INPUT DATA –
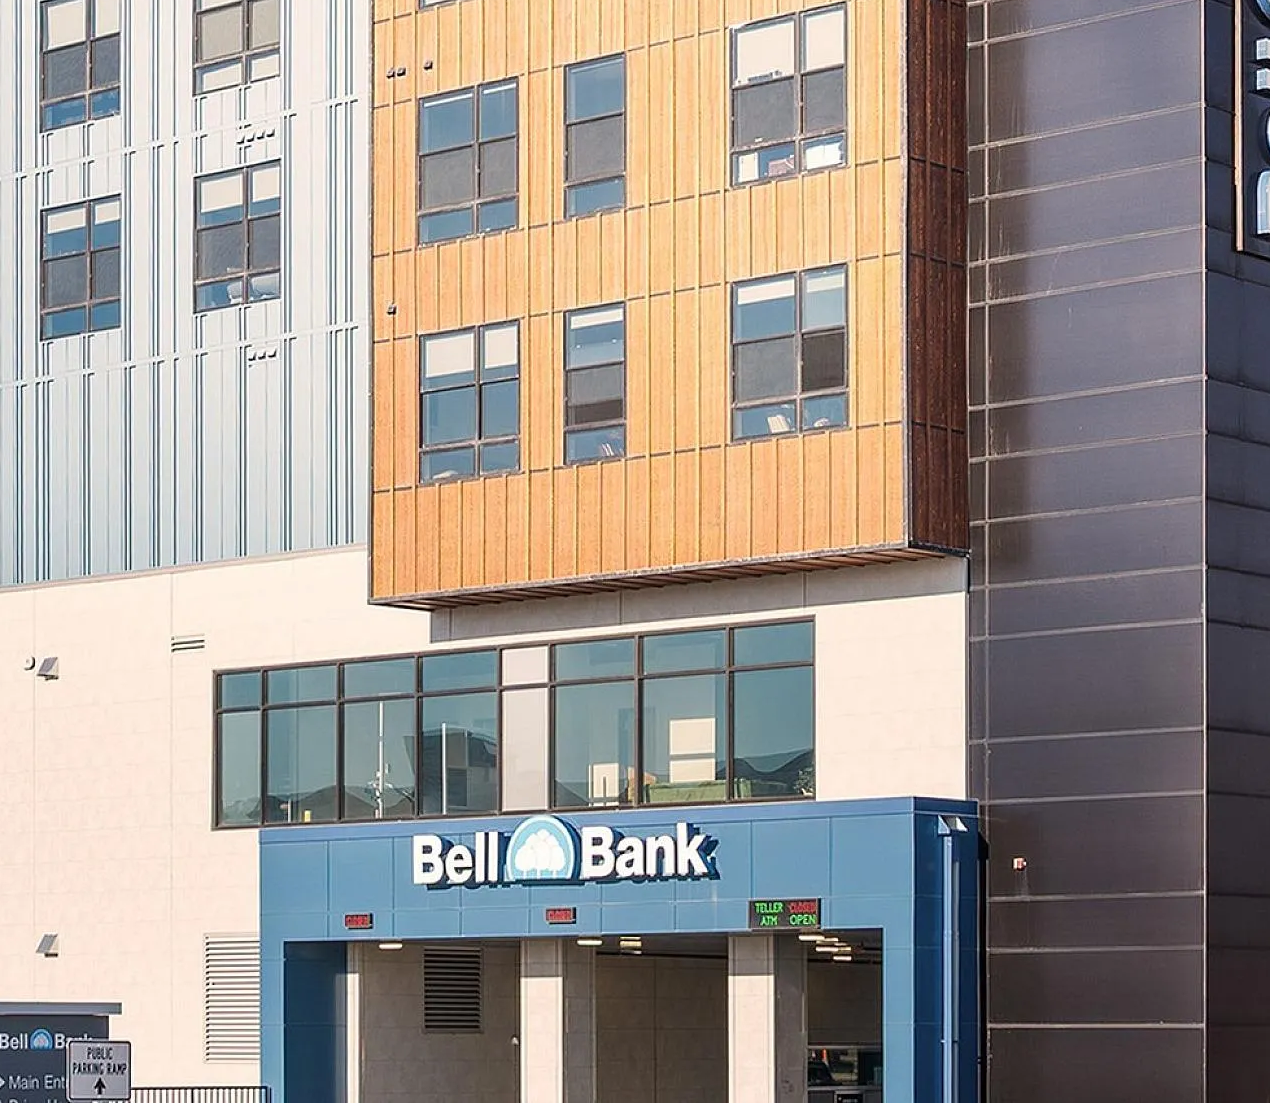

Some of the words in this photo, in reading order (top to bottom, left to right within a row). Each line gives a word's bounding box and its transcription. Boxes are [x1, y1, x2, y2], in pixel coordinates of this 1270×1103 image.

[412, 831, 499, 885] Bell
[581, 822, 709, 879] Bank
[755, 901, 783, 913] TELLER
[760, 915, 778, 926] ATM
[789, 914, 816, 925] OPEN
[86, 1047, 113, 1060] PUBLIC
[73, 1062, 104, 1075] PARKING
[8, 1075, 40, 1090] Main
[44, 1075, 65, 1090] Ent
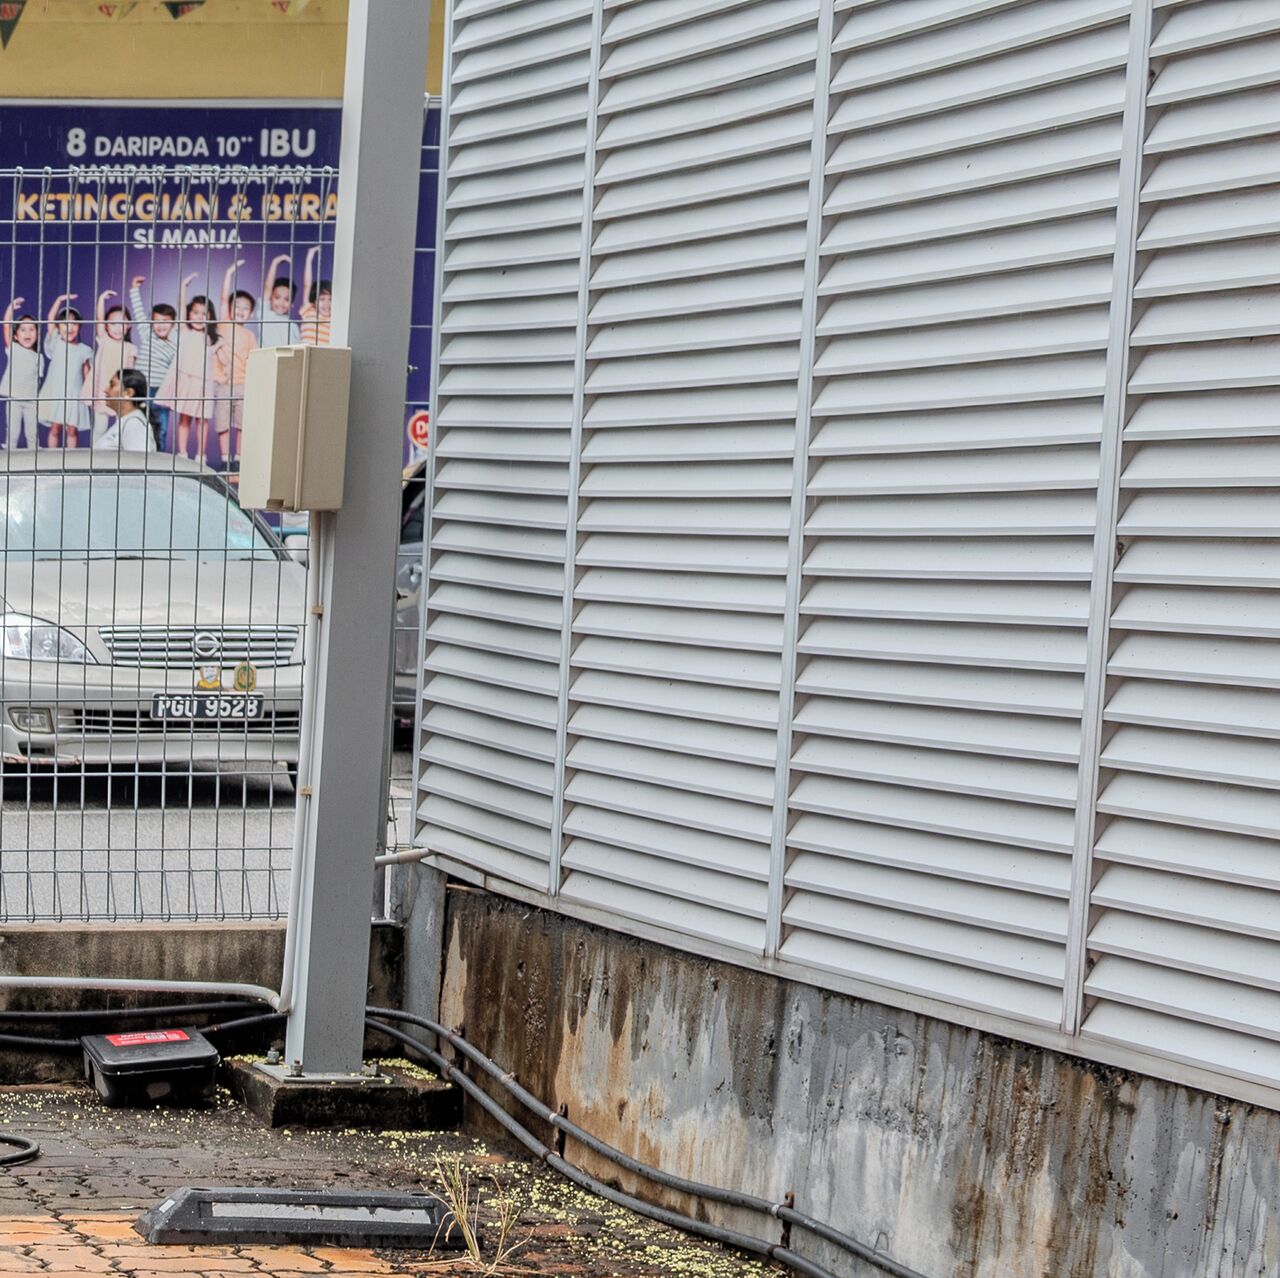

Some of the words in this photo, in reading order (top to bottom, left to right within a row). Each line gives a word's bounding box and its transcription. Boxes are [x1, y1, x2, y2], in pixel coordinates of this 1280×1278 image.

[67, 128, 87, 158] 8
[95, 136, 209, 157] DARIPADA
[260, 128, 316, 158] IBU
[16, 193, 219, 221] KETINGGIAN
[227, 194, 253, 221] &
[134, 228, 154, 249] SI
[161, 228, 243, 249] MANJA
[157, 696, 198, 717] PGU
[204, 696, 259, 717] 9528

WORK ORDER –
Drop the pictures and copy the data exactly.

WRITTEN ANSWER –
Some of the words in this photo, in reading order (top to bottom, left to right within a row). Each line gives a word's bounding box and its transcription. Boxes are [x1, y1, x2, y2], in pixel coordinates of this 1270×1103 image.

[412, 831, 499, 885] Bell
[581, 822, 709, 879] Bank
[755, 901, 783, 913] TELLER
[760, 915, 778, 926] ATM
[789, 914, 816, 925] OPEN
[86, 1047, 113, 1060] PUBLIC
[73, 1062, 104, 1075] PARKING
[8, 1075, 40, 1090] Main
[44, 1075, 65, 1090] Ent

Some of the words in this photo, in reading order (top to bottom, left to right within a row). Each line gives a word's bounding box and its transcription. Boxes are [x1, y1, x2, y2], in pixel coordinates of this 1280×1278 image.

[67, 128, 87, 158] 8
[95, 136, 209, 157] DARIPADA
[260, 128, 316, 158] IBU
[16, 193, 219, 221] KETINGGIAN
[227, 194, 253, 221] &
[134, 228, 154, 249] SI
[161, 228, 243, 249] MANJA
[157, 696, 198, 717] PGU
[204, 696, 259, 717] 9528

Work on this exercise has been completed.